GRAND RAPIDS, Mich. (WOOD) — After years of declining fire fatality rates, the city of Grand Rapids saw a large jump in the number of deadly fires in 2020, losing nine people in five incidents.
It’s the largest number of fatal fires in the city since the early 2000’s.
In one of those fires, a mother and her three sons died after their father set a burn pile on fire and left it unattended.
Robert Scales has been charged with four counts of involuntary manslaughter in the case.
All the city’s fatal fires in 2020 had one thing in common: they lacked an early warning system.
“Working smoke alarms were absent. They were not in any structures. So, the benefit of early detection and notification for the occupants, that opportunity was gone,” said Grand Rapids Fire Department Inspector Lt. Bill Smith.
We often hear from those left behind after tragedy, like a fire, takes a life.
“But what people don’t see is our own firefighters. And when they have to contend with a fire fatality, they do often take that personally,” Smith said. “You won’t come out of this career not having something somewhere in your baggage that you’ll carry with you for the rest of your life. And so, when we lose somebody, it hurts.”
Adding to the frustration, the 2020 numbers come after years of a dropping fire fatality rates in Grand Rapids.
One reason for the drop has been the city’s residential safety program.
On request, residents could have a fire crews show up at their home to install free smoke and carbon monoxide detectors and inspect homes for basic safety hazards.
Tens of thousands of smoke detectors have been installed in Grand Rapids homes since 2013.

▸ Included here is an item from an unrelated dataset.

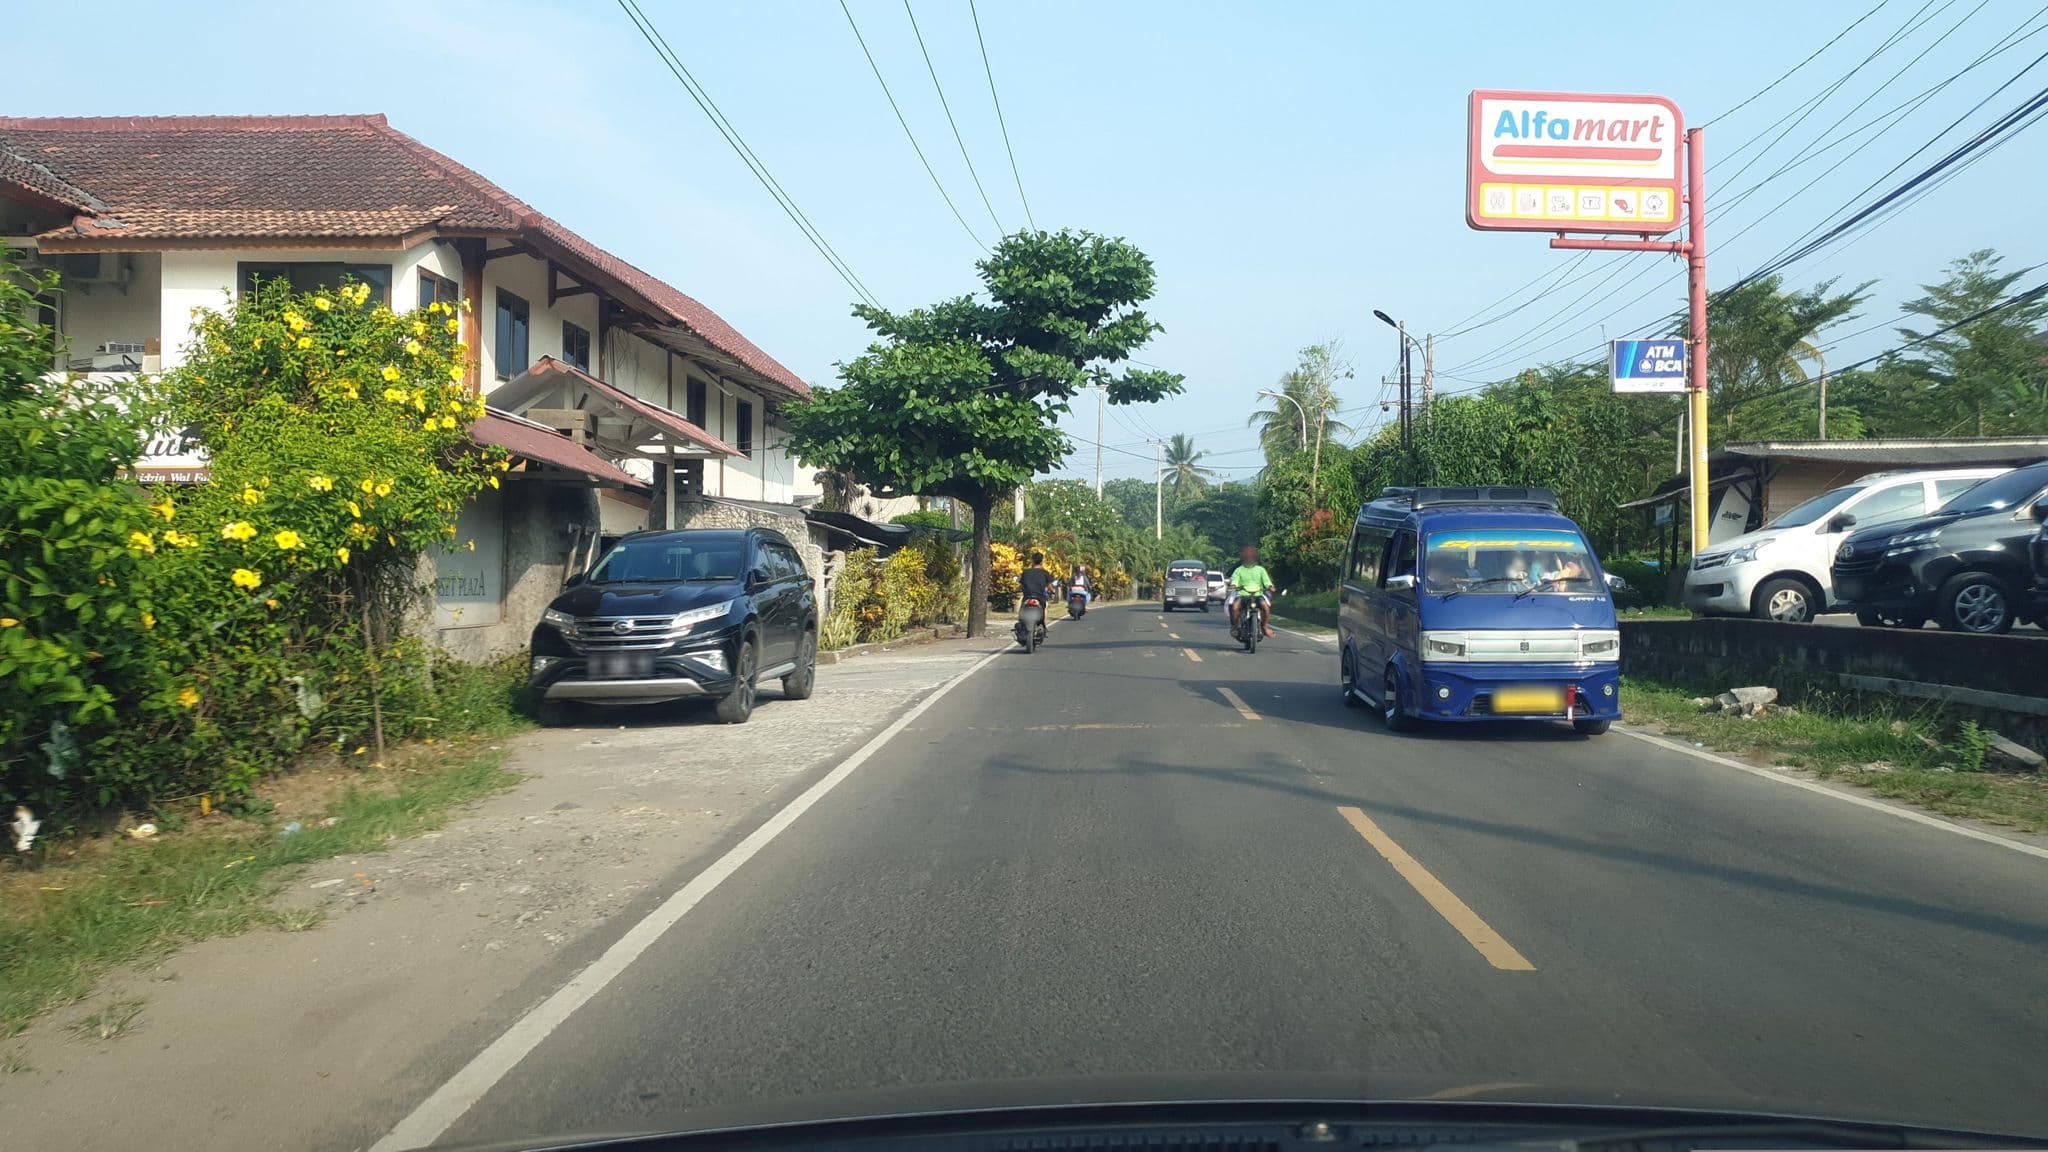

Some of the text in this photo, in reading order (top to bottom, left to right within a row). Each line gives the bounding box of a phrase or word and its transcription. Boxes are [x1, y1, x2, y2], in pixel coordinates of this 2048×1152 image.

The pandemic effectively ended in-home visit in 2020. And the Federal Emergency Management Agency turned down the city’s request to renew the grant this year.
“We are reapplying for that to supplement our smoke alarm inventory,” Smith said.
These factors combined caused GRFD to pivot their safety program.
Now the emphasis will be on an expanded community education effort through the newly formed Community Engagement and Education Team.
GRFD officials recently outlined the plan for city commissioners.
Community organizations and business are on board to help get out the fire safety message.
Grand Rapids school will play a vital role, partnering with GRFD with an expanded school safety program.
In the old days, those efforts were concentrated at the elementary school level. The new program will involve K-12 students in both in-person and virtual classrooms.
“Deputizing and empowering our kids to be fire marshals within our own home really is one of our truest desires to keep kids safe,” Smith said.